Sparse retrieval using BM25 probabilistic ranking.
tokenize(text)
function
Lowercase whitespace tokenizer for BM25 indexing.
BM25Retriever
class
Sparse retriever wrapping rank_bm25.BM25Okapi. Initialize with chunks, call .search(query, top_k) to retrieve.
Dense semantic retrieval using embeddings + FAISS.
DenseRetriever
class
Vector search over chunk embeddings. Initialize with chunks + a TextEmbedder. Call .search(query, top_k) to retrieve by cosine similarity.
Embedding interfaces and implementations.
TextEmbedder
protocol
Interface for any embedding model. Must implement .encode(texts) → np.ndarray. Swap in OpenAI, Cohere, or any provider.
SentenceTransformerEmbedder
class
Concrete embedder wrapping sentence-transformers. Default model: all-MiniLM-L6-v2 (384d). Outputs normalized float32 vectors.

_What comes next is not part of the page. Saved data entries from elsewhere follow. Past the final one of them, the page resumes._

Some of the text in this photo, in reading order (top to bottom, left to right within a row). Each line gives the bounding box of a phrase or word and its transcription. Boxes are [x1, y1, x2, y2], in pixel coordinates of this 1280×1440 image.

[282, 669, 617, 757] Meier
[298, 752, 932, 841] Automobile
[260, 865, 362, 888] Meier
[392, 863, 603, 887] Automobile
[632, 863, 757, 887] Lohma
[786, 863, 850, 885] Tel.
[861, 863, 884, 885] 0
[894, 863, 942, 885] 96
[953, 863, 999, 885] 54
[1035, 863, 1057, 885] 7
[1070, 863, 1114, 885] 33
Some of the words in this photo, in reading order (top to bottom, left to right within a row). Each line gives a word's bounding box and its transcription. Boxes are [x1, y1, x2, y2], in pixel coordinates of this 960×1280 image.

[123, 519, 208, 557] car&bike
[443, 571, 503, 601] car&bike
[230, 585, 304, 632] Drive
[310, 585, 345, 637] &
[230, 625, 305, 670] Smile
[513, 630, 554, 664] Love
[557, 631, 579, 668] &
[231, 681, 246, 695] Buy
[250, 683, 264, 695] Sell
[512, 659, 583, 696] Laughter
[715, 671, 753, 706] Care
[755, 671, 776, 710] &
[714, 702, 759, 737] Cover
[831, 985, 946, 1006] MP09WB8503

Reciprocal Rank Fusion for combining retriever outputs.
reciprocal_rank_fusion(result_lists, top_k, k)
function
Merge multiple ranked lists using RRF. Combines ranks, not scores. Formula: score = Σ 1/(k + rank). Default k=60.

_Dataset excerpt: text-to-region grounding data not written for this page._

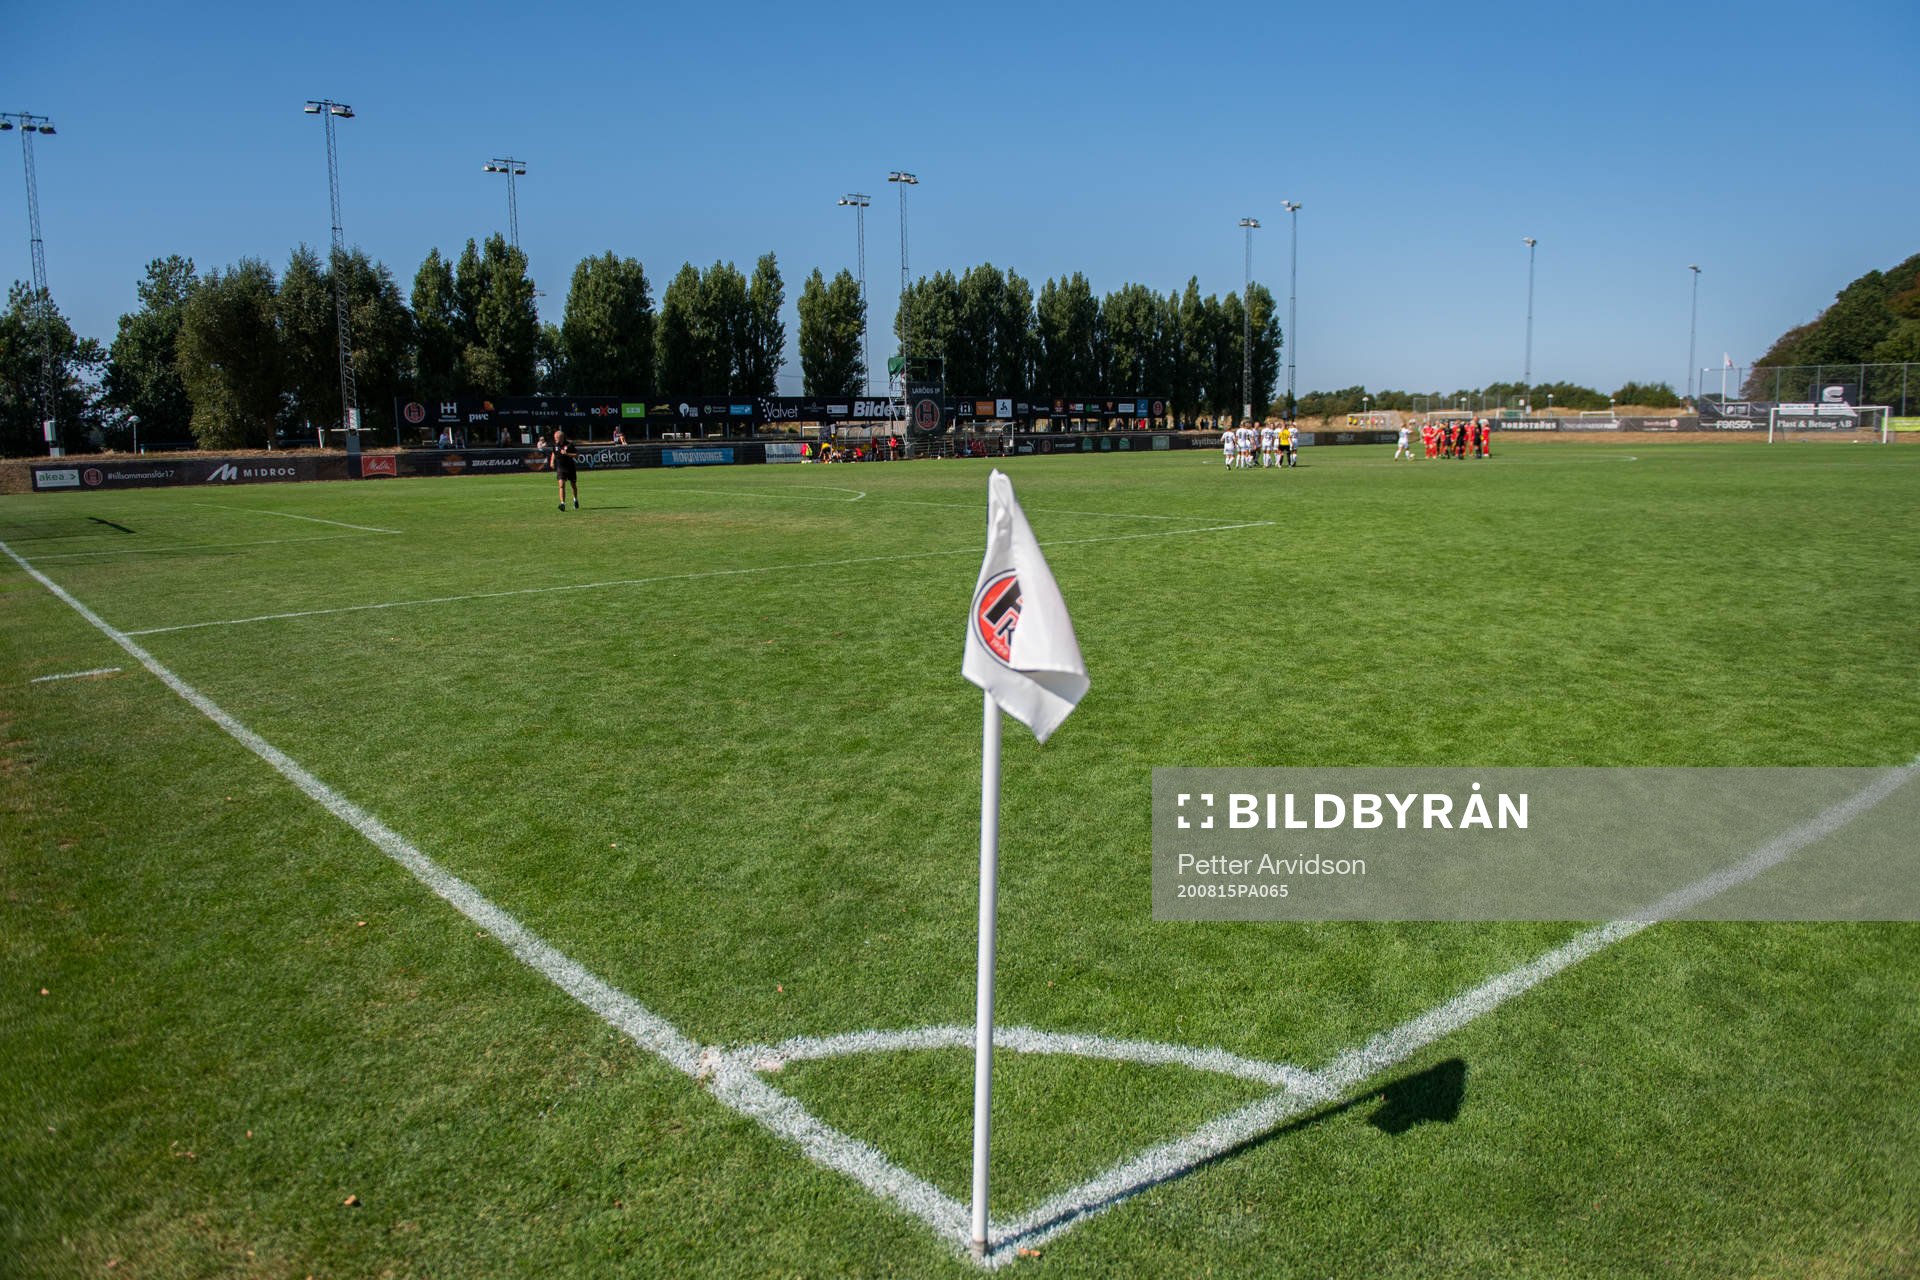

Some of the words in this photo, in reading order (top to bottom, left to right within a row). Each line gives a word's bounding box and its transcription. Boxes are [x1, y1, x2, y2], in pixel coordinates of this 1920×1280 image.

[766, 402, 798, 418] Valvet
[469, 413, 489, 423] pwc
[1838, 420, 1852, 428] AB
[472, 459, 520, 467] BIKEMAN
[39, 472, 64, 481] akea
[243, 467, 296, 477] MIDROC

Cross-encoder reranking for precision-optimized results.
QueryDocumentScorer
protocol
Interface for scoring (query, document) pairs. Must implement .score(query, texts) → list[float].
CrossEncoderScorer
class
Concrete scorer wrapping cross-encoder models. Default: ms-marco-MiniLM-L-6-v2.
RetrievalReranker
class
Reranks a list of RetrievalResults using a QueryDocumentScorer. Call .rerank(query, results, top_k).
Ready-to-use retrieval pipelines combining all components.
BM25Pipeline
class
End-to-end sparse retrieval. Build with .from_directory(path) or .from_documents(docs). Call .search(query, top_k).
DensePipeline
class
End-to-end dense retrieval. Same interface. Accepts optional custom TextEmbedder.
HybridPipeline
class
BM25 + Dense + RRF fusion. The core hybrid retriever. Accepts rrf_k parameter.
RerankedHybridPipeline
class
HybridPipeline + cross-encoder reranking. The most complete retrieval pipeline. Accepts candidate_top_k for the reranking pool size.
Context construction and LLM-based answer generation.
ContextBuilder
class
Assembles retrieval results into prompt-ready context with citation IDs. Respects max_chunks and max_chars budget.
ChatLLM
protocol
Interface for chat LLMs. Must implement .generate(system_prompt, user_prompt) → LLMResponse.
ExtractiveFallbackLLM
class
Offline-safe fallback that extracts answers from context without an external API.
OpenAICompatibleLLM
class
Minimal client for any OpenAI-compatible API. Uses stdlib only (no openai package needed).
HuggingFaceInferenceLLM
class
Hugging Face Inference Providers client built on the OpenAI-compatible router. Uses HF_TOKEN or an explicit api_key.
RAGPipeline
class
End-to-end retrieval → context → generation pipeline. Call .answer(query) to get a GenerationResponse with trace.
Retrieval and answer quality evaluation.
evaluate_retrieval(pipeline, samples, top_k)
function
Evaluate a retrieval pipeline on labeled queries. Returns RetrievalEvaluationReport with Hit Rate@k, MRR@k, Recall@k.
evaluate_answer_heuristics(sample, response)
function
Fast heuristic checks: answer_present, cites_context, grounded_to_relevant_context, reference_term_overlap.
build_llm_judge_prompts(sample, response)
function
Build rubric prompt for LLM-as-judge scoring (groundedness, correctness, completeness, overall).